In this case, for performance reasons, you want to be able to specify the  
encoding to use for your "string" types at runtime, they are exceptions to  
the native encoding. To do this we specify the encoding at  
construction/declaration time, eg.

string s(UTF16);
s.utf16 = ..data read from UTF-16 source..

(or similar, the exact syntax is not important at this stage)

thus...

* the type of encoding used by "string" should be selectable at runtime,  
some sort of encoding type flag must exist for each string at runtime,  
this is starting to head into "implementation details" which I want to  
avoid at this point, however it is important to note the requirement.


[Output]
* the type "char" will still exist, it will now _only_ represent a C  
string, thus when a string is passed as a char it can be implicitly  
transcoded into ASCII(b) with a null terminator, eg.

int strcmp(const char *src, const char *dst);

string test = "this is a test";
if (strcmp(test,"this is a test")==0) { }

the above will implicitly transcode 'test' into ASCII and ensure there is  
a null terminator. The literal "this is a test" will likely be stored in  
the binary as ASCII with a null terminator.

* Native OS functions requiring "char" will use the rule above. eg.

CreateFileA(char *filename...

* Native OS functions requiring unicode will be defined as:

CreateFileW(utf16 *filename...

and "string" will be implicitly transcoded to utf16, with a null  
terminator added..

* When the required encoding is not apparent, eg.

void CreateFile(char *data) { }
void CreateFile(utf16 *data) { }

string test = "this is a test";
CreateFile(test);

an explicit property should be used, eg.

CreateFile(test.char);
CreateFile(test.utf16);

NOTE: this problem still exists! It should however now be relegated to  
interaction with C API's as opposed to happening for native D methods.


[Input]
* Old encodings, Latin-1 etc would be loaded into ubyte[] or byte[] and  
could be cast (painted) to char*, utf8*, 16 or 32 or converted to "string"  
using a routine i.e. string toStringFromXXX(ubyte[] raw).

* A stream class would have a selectable encoding and hide these details  
from us handling the data and giving a natively encoded "string" instead.  
Meaning, transcoding will naturally occur on input or output where  
required.


[Example application types and the effect of this change]

* the quick and dirty console app which handles ASCII only. It's native  
encoding will be UTF-8, and no transcoding will ever need to occur  
(assuming none of it's input or output is in another encoding)

* an app which loads files in different encodings and needs to process  
them efficiently. In this case the code can select the encoding of  
"string" at runtime and avoid transcoding the data until such time as it  
needs to interface with another part of the application in another  
encoding or it needs to output to a sink, also in another encoding.

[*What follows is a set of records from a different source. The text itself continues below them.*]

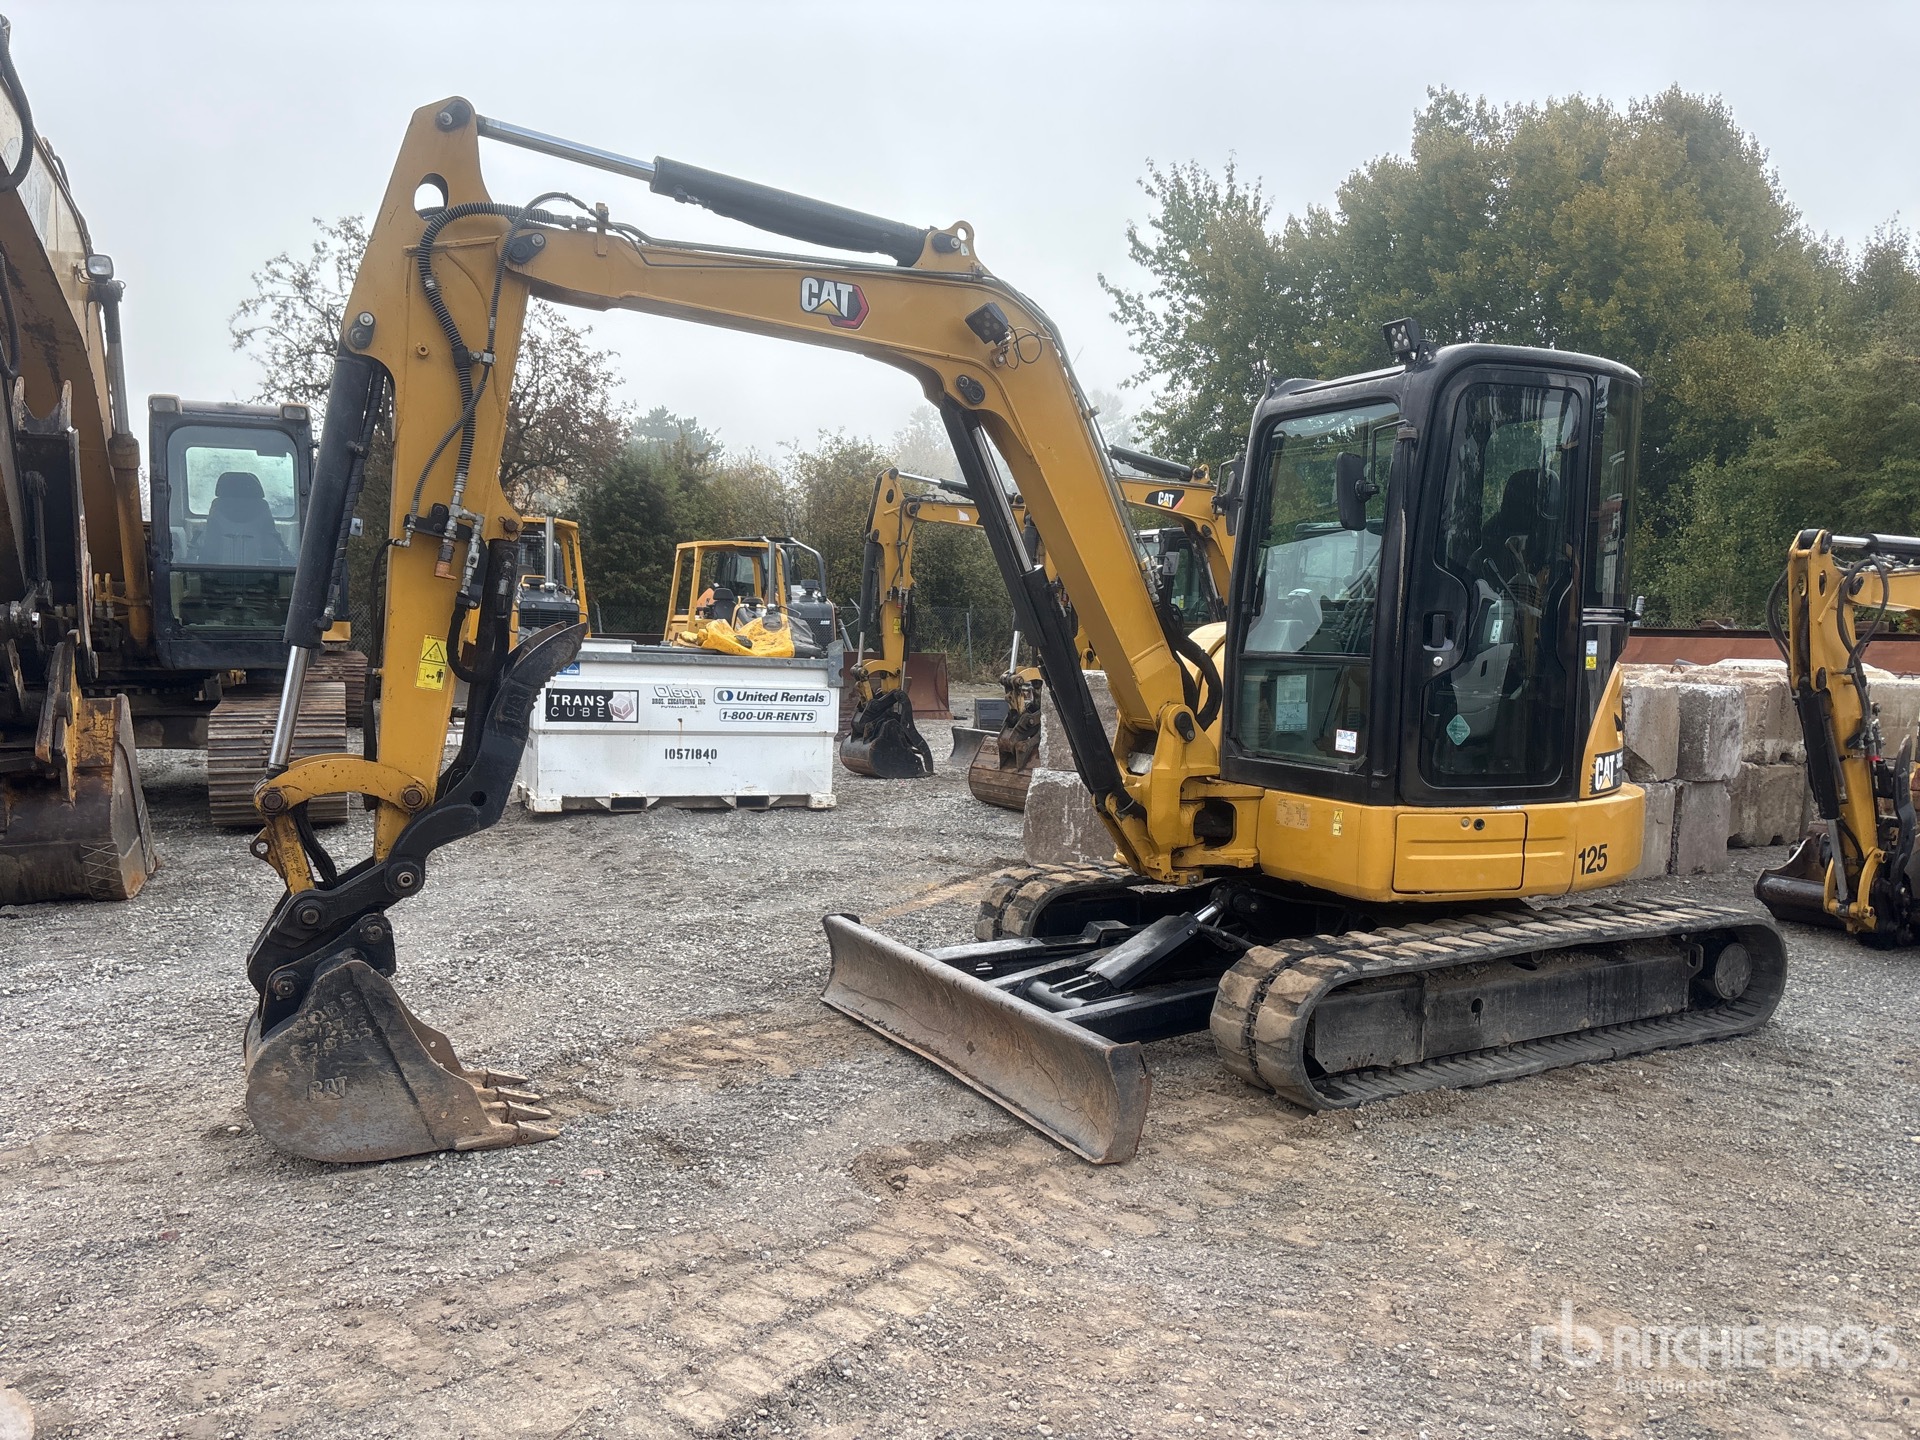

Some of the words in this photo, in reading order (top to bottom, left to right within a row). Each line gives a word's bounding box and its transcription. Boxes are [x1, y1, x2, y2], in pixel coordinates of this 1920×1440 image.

[802, 277, 853, 317] CAT
[1158, 491, 1174, 507] CAT
[653, 685, 702, 698] Olson
[736, 690, 779, 702] United
[781, 692, 825, 703] Rentals
[551, 695, 605, 706] TRANS
[551, 707, 605, 717] CUBE
[722, 711, 814, 721] 1-800-UR-RENTS
[665, 748, 717, 760] 10571840
[1595, 754, 1615, 791] CAT
[1578, 844, 1608, 875] 125

* an international app which will handle many languages. this app can be  
custom built with the native string type selected to match each language.


[Advantages]
As I see it, this change would have the following advantages:

* "string" requires no knowledge of UTF encodings (and the associated  
problems) to use making it easy for begginners and for a quick and dirty  
program.

* "string" can be sliced/indexed by character regardless of the encoding  
used for the data.

* overload resolution has only 1 type, not 3 to choose from.

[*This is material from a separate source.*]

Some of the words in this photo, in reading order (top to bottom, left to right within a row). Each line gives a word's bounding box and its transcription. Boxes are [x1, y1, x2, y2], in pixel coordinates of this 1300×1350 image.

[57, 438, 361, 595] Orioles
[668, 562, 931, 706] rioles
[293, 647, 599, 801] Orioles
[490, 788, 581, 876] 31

* code written in D would all use the same type "string". no more this  
library uses char[] this one wchar and my app dchar[] problems.


[Disadvantages]
* requirements listed below

* libraries built for a different native type will likely cause  
transcoding. This problem already exists, at least with this suggestion  
the library can be built 3 times, once for each native encoding and the  
correct one linked to your app.

* possibility of implicit and silent transcoding. This can occur between  
libraries built with different native encodings and between "string" and  
char*, utf8*, utf16* and utf32*, the compiler _could_ identify all such  
locations if desired.


[Requirements]
In order to implement all this "string" requires knowledge of all code  
points, how they are encoded in the 3 encodings and how to compare and  
convert between them. So, D and thus any D compiler eg DMD, requires this  
knowledge. I am not entirely sure just how big an "ask" this is. I believe  
DMD and thus D already has much of this capability built in.


[Questions]
(a) Is UTF-8 a subset of UTF-16 and so on? does the codepoint for 'A' have  
the numerical value 65 decimal in UTF-8, UTF-16 _and_ UTF-32, in other  
words is it the same numerical value in all encodings? If so then  
comparing utf8, 16 and 32 is no different to comparing byte, short and int  
and all the same promotion and comparrison rules can apply.

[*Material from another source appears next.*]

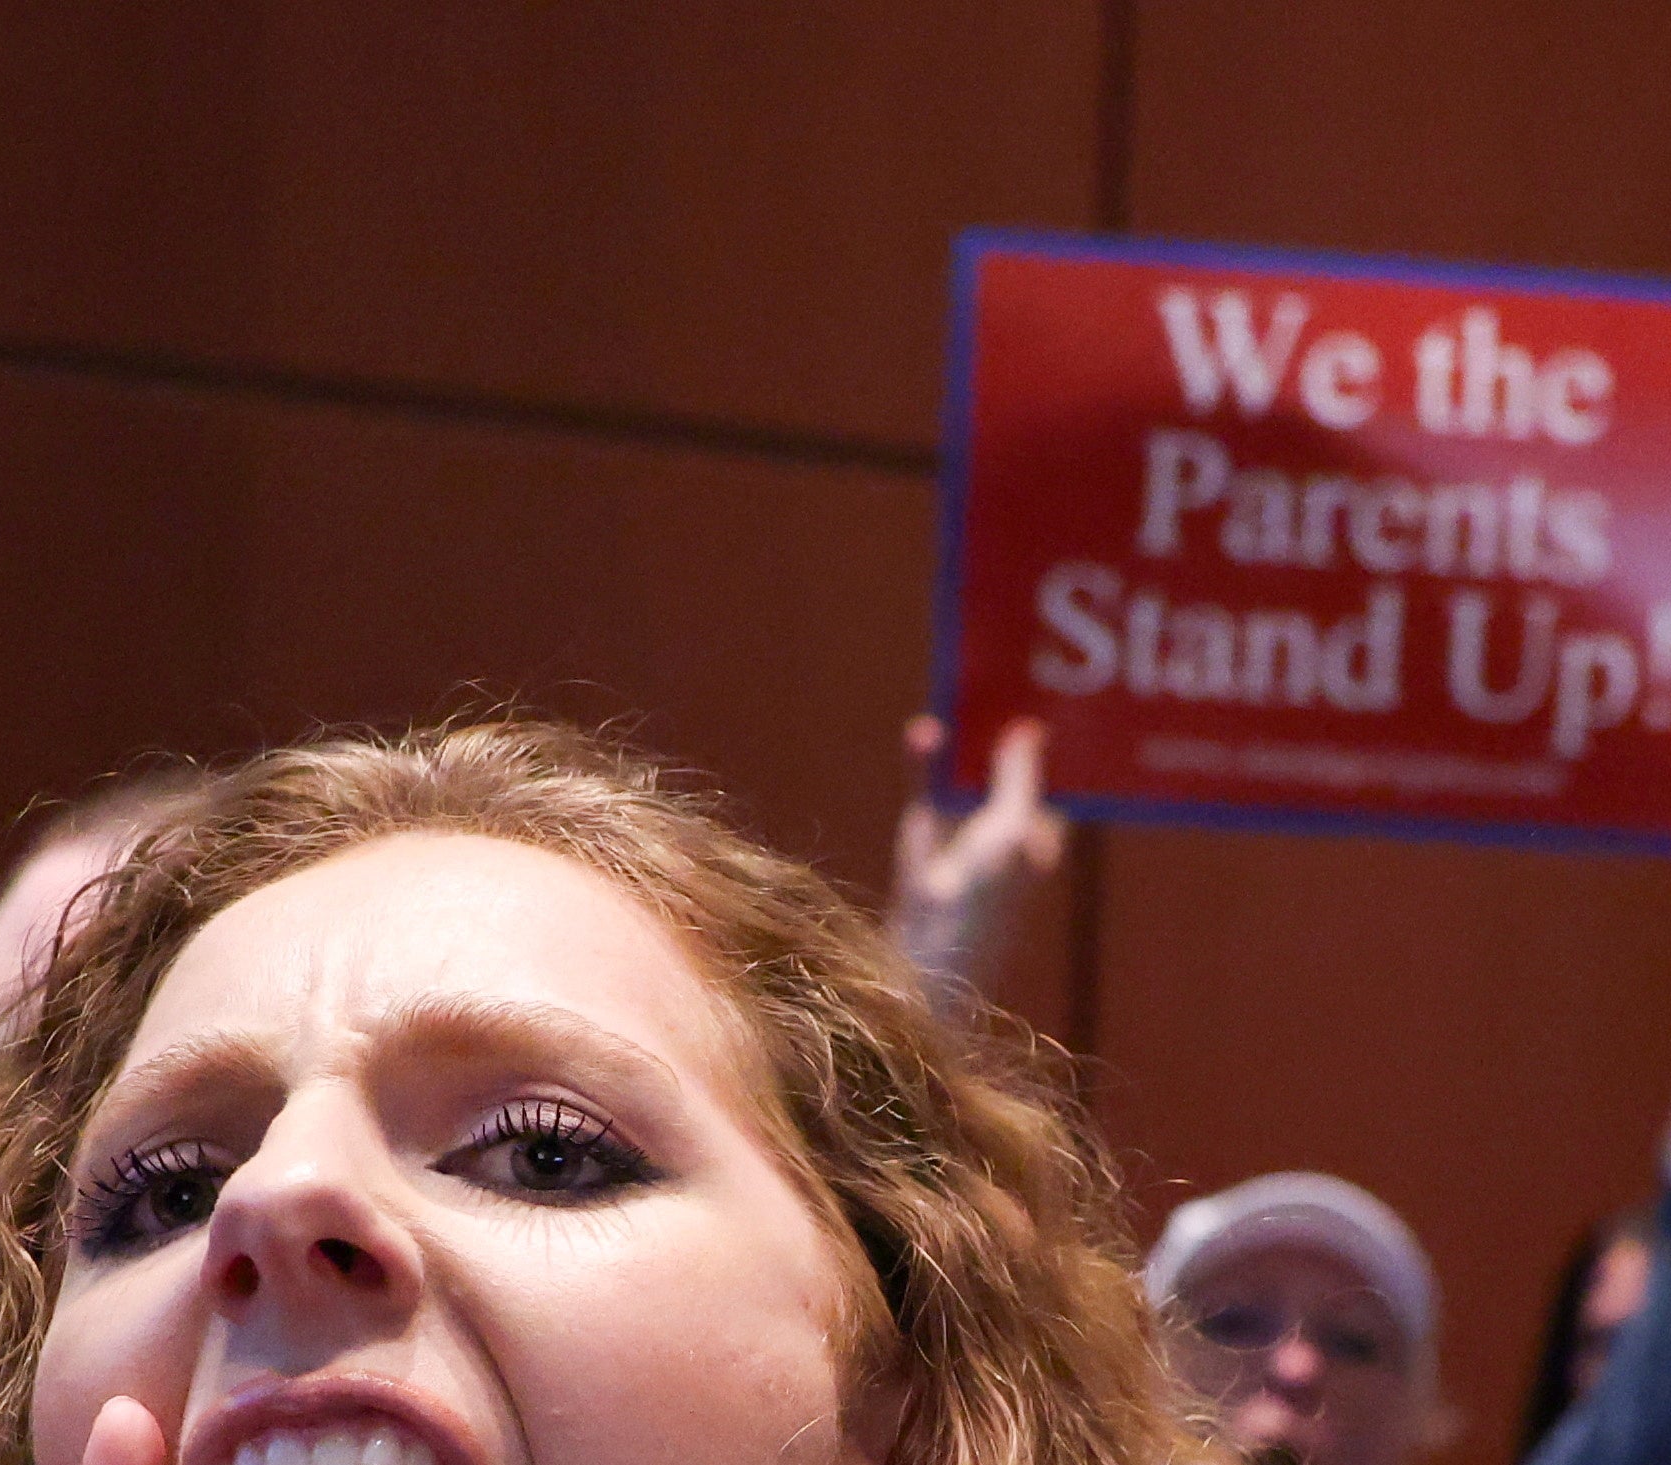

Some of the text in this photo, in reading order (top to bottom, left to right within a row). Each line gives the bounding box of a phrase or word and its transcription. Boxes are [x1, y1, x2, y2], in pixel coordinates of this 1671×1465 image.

[1159, 285, 1616, 447] We the
[1137, 428, 1613, 585] Parents
[1026, 560, 1404, 713] Stand

(b) Is this really ASCII or is it system dependant? i.e. Latin-1 or  
similar. Is it ASCII values 127 or less perhaps? To be honest I'm not sure.
November 24, 2005
Re: Unified String Theory..
On Thu, 24 Nov 2005 16:09:13 +1300, Regan Heath wrote:

> With the recent Physics slant on some posts here I couldn't resist that  
> subject

LOL


> Enough rambling, here is it, be nice!

Just some quick thoughts are recorded here. More will come later I suspect.

[snip]

> [Key]
> First, lets start with some terminology, these are the terms I am going to  
> be using and what they mean, if these are incorrect please correct me, but  
> take them to have the stated meanings for this document.
> 
> code point      := the unicode value for a single and complete character.
> code unit       := part of, or a complete character in one of the 3 UTF  
> encodings UTF-8,16,32.
> code value      := AKA code unit.

The Unicode Consortium defines code value as the smallest (in terms of
bits) value that will hold a character in the various encoding formats.
Thus for UTF8 it is 1 byte, UTF16 = 2 bytes, and UTF32 = 4 bytes.


[snip]


> * remove char[], wchar[] and dchar[].

Do we still have to cater for strings that were formatted in specific
encodings outside of our D applications? For example, a C library routine
might insist that a pointer to a UTF16 string be supplied, thus we would
have to force a specific encoding somehow.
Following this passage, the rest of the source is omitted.